[Start of section]

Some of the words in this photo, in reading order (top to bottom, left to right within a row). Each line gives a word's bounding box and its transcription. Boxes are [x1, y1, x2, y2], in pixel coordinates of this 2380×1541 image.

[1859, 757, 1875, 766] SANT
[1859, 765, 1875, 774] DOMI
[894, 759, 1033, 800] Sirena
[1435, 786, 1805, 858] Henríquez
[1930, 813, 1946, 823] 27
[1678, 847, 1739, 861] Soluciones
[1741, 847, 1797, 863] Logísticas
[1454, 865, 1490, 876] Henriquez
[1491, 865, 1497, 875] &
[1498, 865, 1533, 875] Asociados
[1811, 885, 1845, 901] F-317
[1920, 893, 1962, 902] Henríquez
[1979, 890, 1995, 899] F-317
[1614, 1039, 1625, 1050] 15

[End of section]

§ **Prompt**
Repeat, exactly and in full, the records shown above.

§ **Task solution**
Some of the words in this photo, in reading order (top to bottom, left to right within a row). Each line gives a word's bounding box and its transcription. Boxes are [x1, y1, x2, y2], in pixel coordinates of this 2380×1541 image.

[1859, 757, 1875, 766] SANT
[1859, 765, 1875, 774] DOMI
[894, 759, 1033, 800] Sirena
[1435, 786, 1805, 858] Henríquez
[1930, 813, 1946, 823] 27
[1678, 847, 1739, 861] Soluciones
[1741, 847, 1797, 863] Logísticas
[1454, 865, 1490, 876] Henriquez
[1491, 865, 1497, 875] &
[1498, 865, 1533, 875] Asociados
[1811, 885, 1845, 901] F-317
[1920, 893, 1962, 902] Henríquez
[1979, 890, 1995, 899] F-317
[1614, 1039, 1625, 1050] 15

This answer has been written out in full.